> [THE TASK] The expected output is the data itself, duplicated in full.

> [RECORD EXCERPTS]
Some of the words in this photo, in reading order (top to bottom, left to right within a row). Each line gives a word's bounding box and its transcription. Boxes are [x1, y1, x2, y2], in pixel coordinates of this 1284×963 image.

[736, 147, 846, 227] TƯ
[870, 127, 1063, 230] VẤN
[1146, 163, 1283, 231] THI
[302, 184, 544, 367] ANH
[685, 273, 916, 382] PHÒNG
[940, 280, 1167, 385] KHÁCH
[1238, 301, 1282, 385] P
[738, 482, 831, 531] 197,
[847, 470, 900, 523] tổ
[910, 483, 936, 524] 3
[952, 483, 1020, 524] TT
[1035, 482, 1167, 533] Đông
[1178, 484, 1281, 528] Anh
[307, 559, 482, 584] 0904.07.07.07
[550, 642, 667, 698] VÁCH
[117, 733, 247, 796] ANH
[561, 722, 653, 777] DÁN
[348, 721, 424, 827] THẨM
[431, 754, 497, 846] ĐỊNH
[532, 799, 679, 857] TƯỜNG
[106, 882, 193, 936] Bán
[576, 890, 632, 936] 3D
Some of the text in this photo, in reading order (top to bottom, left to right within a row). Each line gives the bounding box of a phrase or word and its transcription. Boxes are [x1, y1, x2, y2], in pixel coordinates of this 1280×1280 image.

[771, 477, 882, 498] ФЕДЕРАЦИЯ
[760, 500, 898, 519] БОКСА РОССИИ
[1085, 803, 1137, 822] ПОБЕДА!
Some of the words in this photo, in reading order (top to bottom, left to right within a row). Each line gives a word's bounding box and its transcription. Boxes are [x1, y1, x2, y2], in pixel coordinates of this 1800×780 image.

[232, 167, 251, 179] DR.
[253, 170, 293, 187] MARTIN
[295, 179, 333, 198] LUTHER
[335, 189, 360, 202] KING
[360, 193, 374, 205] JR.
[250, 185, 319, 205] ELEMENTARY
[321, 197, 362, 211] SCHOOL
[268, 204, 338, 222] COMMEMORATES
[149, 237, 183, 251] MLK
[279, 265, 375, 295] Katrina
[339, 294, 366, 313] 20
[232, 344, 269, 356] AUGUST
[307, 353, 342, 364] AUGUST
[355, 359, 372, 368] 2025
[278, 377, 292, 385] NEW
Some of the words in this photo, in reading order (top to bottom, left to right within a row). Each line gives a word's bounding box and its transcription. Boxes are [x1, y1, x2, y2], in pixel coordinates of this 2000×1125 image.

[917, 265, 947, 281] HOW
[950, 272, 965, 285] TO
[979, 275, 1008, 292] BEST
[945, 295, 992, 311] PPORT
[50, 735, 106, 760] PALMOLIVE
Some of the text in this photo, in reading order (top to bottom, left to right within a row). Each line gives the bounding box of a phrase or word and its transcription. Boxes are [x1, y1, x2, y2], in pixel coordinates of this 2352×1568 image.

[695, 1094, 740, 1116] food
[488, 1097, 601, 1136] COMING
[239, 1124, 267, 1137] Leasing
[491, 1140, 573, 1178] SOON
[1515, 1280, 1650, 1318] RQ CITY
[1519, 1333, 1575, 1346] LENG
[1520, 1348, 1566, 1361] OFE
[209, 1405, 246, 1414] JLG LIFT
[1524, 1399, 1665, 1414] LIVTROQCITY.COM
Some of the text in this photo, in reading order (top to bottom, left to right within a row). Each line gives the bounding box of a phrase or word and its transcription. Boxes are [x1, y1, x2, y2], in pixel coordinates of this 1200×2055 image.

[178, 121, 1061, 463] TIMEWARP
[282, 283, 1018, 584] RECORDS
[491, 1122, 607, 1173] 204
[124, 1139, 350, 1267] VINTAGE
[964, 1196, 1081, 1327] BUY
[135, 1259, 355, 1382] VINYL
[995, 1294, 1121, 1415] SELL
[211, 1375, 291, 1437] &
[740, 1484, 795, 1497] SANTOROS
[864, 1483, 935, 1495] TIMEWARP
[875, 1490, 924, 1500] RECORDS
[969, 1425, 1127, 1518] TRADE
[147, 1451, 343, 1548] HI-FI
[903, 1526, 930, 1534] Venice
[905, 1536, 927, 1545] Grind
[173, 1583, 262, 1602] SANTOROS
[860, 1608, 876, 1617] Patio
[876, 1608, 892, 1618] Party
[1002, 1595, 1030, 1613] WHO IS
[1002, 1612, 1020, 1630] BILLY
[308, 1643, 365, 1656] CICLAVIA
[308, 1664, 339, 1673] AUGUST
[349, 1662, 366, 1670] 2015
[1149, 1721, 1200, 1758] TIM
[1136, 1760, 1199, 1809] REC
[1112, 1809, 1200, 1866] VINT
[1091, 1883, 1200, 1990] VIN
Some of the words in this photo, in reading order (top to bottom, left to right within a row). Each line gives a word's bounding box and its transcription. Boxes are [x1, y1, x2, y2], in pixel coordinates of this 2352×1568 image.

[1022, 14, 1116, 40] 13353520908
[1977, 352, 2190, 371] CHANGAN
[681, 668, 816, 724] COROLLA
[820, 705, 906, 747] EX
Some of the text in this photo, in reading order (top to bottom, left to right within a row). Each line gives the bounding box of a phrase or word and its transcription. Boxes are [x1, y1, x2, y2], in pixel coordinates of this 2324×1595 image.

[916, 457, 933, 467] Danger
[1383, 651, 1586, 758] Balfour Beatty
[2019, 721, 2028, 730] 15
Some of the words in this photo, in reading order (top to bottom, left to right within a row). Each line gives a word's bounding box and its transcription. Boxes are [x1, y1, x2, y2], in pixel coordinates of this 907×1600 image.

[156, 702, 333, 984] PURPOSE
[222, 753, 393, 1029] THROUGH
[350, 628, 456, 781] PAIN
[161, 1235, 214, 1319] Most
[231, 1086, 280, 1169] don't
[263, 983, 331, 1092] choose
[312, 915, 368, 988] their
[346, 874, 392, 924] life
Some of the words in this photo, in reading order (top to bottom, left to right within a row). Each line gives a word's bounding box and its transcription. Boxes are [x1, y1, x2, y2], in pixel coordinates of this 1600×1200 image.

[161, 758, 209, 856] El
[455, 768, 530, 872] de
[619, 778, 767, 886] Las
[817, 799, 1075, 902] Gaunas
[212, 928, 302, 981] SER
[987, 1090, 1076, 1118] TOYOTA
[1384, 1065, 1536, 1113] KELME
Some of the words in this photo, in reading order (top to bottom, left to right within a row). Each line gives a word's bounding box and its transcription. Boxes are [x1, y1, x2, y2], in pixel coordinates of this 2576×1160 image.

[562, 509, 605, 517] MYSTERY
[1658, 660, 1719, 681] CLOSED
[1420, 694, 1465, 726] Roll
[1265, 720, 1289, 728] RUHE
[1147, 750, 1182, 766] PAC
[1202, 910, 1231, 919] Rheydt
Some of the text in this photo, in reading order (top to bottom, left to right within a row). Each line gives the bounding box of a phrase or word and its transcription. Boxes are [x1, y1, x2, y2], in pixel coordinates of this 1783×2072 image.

> [SOLVED EXERCISE]
Some of the words in this photo, in reading order (top to bottom, left to right within a row). Each line gives a word's bounding box and its transcription. Boxes are [x1, y1, x2, y2], in pixel coordinates of this 1284×963 image.

[736, 147, 846, 227] TƯ
[870, 127, 1063, 230] VẤN
[1146, 163, 1283, 231] THI
[302, 184, 544, 367] ANH
[685, 273, 916, 382] PHÒNG
[940, 280, 1167, 385] KHÁCH
[1238, 301, 1282, 385] P
[738, 482, 831, 531] 197,
[847, 470, 900, 523] tổ
[910, 483, 936, 524] 3
[952, 483, 1020, 524] TT
[1035, 482, 1167, 533] Đông
[1178, 484, 1281, 528] Anh
[307, 559, 482, 584] 0904.07.07.07
[550, 642, 667, 698] VÁCH
[117, 733, 247, 796] ANH
[561, 722, 653, 777] DÁN
[348, 721, 424, 827] THẨM
[431, 754, 497, 846] ĐỊNH
[532, 799, 679, 857] TƯỜNG
[106, 882, 193, 936] Bán
[576, 890, 632, 936] 3D
Some of the text in this photo, in reading order (top to bottom, left to right within a row). Each line gives the bounding box of a phrase or word and its transcription. Boxes are [x1, y1, x2, y2], in pixel coordinates of this 1280×1280 image.

[771, 477, 882, 498] ФЕДЕРАЦИЯ
[760, 500, 898, 519] БОКСА РОССИИ
[1085, 803, 1137, 822] ПОБЕДА!
Some of the words in this photo, in reading order (top to bottom, left to right within a row). Each line gives a word's bounding box and its transcription. Boxes are [x1, y1, x2, y2], in pixel coordinates of this 1800×780 image.

[232, 167, 251, 179] DR.
[253, 170, 293, 187] MARTIN
[295, 179, 333, 198] LUTHER
[335, 189, 360, 202] KING
[360, 193, 374, 205] JR.
[250, 185, 319, 205] ELEMENTARY
[321, 197, 362, 211] SCHOOL
[268, 204, 338, 222] COMMEMORATES
[149, 237, 183, 251] MLK
[279, 265, 375, 295] Katrina
[339, 294, 366, 313] 20
[232, 344, 269, 356] AUGUST
[307, 353, 342, 364] AUGUST
[355, 359, 372, 368] 2025
[278, 377, 292, 385] NEW
Some of the words in this photo, in reading order (top to bottom, left to right within a row). Each line gives a word's bounding box and its transcription. Boxes are [x1, y1, x2, y2], in pixel coordinates of this 2000×1125 image.

[917, 265, 947, 281] HOW
[950, 272, 965, 285] TO
[979, 275, 1008, 292] BEST
[945, 295, 992, 311] PPORT
[50, 735, 106, 760] PALMOLIVE
Some of the text in this photo, in reading order (top to bottom, left to right within a row). Each line gives the bounding box of a phrase or word and its transcription. Boxes are [x1, y1, x2, y2], in pixel coordinates of this 2352×1568 image.

[695, 1094, 740, 1116] food
[488, 1097, 601, 1136] COMING
[239, 1124, 267, 1137] Leasing
[491, 1140, 573, 1178] SOON
[1515, 1280, 1650, 1318] RQ CITY
[1519, 1333, 1575, 1346] LENG
[1520, 1348, 1566, 1361] OFE
[209, 1405, 246, 1414] JLG LIFT
[1524, 1399, 1665, 1414] LIVTROQCITY.COM
Some of the text in this photo, in reading order (top to bottom, left to right within a row). Each line gives the bounding box of a phrase or word and its transcription. Boxes are [x1, y1, x2, y2], in pixel coordinates of this 1200×2055 image.

[178, 121, 1061, 463] TIMEWARP
[282, 283, 1018, 584] RECORDS
[491, 1122, 607, 1173] 204
[124, 1139, 350, 1267] VINTAGE
[964, 1196, 1081, 1327] BUY
[135, 1259, 355, 1382] VINYL
[995, 1294, 1121, 1415] SELL
[211, 1375, 291, 1437] &
[740, 1484, 795, 1497] SANTOROS
[864, 1483, 935, 1495] TIMEWARP
[875, 1490, 924, 1500] RECORDS
[969, 1425, 1127, 1518] TRADE
[147, 1451, 343, 1548] HI-FI
[903, 1526, 930, 1534] Venice
[905, 1536, 927, 1545] Grind
[173, 1583, 262, 1602] SANTOROS
[860, 1608, 876, 1617] Patio
[876, 1608, 892, 1618] Party
[1002, 1595, 1030, 1613] WHO IS
[1002, 1612, 1020, 1630] BILLY
[308, 1643, 365, 1656] CICLAVIA
[308, 1664, 339, 1673] AUGUST
[349, 1662, 366, 1670] 2015
[1149, 1721, 1200, 1758] TIM
[1136, 1760, 1199, 1809] REC
[1112, 1809, 1200, 1866] VINT
[1091, 1883, 1200, 1990] VIN
Some of the words in this photo, in reading order (top to bottom, left to right within a row). Each line gives a word's bounding box and its transcription. Boxes are [x1, y1, x2, y2], in pixel coordinates of this 2352×1568 image.

[1022, 14, 1116, 40] 13353520908
[1977, 352, 2190, 371] CHANGAN
[681, 668, 816, 724] COROLLA
[820, 705, 906, 747] EX
Some of the text in this photo, in reading order (top to bottom, left to right within a row). Each line gives the bounding box of a phrase or word and its transcription. Boxes are [x1, y1, x2, y2], in pixel coordinates of this 2324×1595 image.

[916, 457, 933, 467] Danger
[1383, 651, 1586, 758] Balfour Beatty
[2019, 721, 2028, 730] 15
Some of the words in this photo, in reading order (top to bottom, left to right within a row). Each line gives a word's bounding box and its transcription. Boxes are [x1, y1, x2, y2], in pixel coordinates of this 907×1600 image.

[156, 702, 333, 984] PURPOSE
[222, 753, 393, 1029] THROUGH
[350, 628, 456, 781] PAIN
[161, 1235, 214, 1319] Most
[231, 1086, 280, 1169] don't
[263, 983, 331, 1092] choose
[312, 915, 368, 988] their
[346, 874, 392, 924] life
Some of the words in this photo, in reading order (top to bottom, left to right within a row). Each line gives a word's bounding box and its transcription. Boxes are [x1, y1, x2, y2], in pixel coordinates of this 1600×1200 image.

[161, 758, 209, 856] El
[455, 768, 530, 872] de
[619, 778, 767, 886] Las
[817, 799, 1075, 902] Gaunas
[212, 928, 302, 981] SER
[987, 1090, 1076, 1118] TOYOTA
[1384, 1065, 1536, 1113] KELME
Some of the words in this photo, in reading order (top to bottom, left to right within a row). Each line gives a word's bounding box and its transcription. Boxes are [x1, y1, x2, y2], in pixel coordinates of this 2576×1160 image.

[562, 509, 605, 517] MYSTERY
[1658, 660, 1719, 681] CLOSED
[1420, 694, 1465, 726] Roll
[1265, 720, 1289, 728] RUHE
[1147, 750, 1182, 766] PAC
[1202, 910, 1231, 919] Rheydt
Some of the text in this photo, in reading order (top to bottom, left to right within a row). Each line gives the bounding box of a phrase or word and its transcription. Boxes are [x1, y1, x2, y2], in pixel coordinates of this 1783×2072 image.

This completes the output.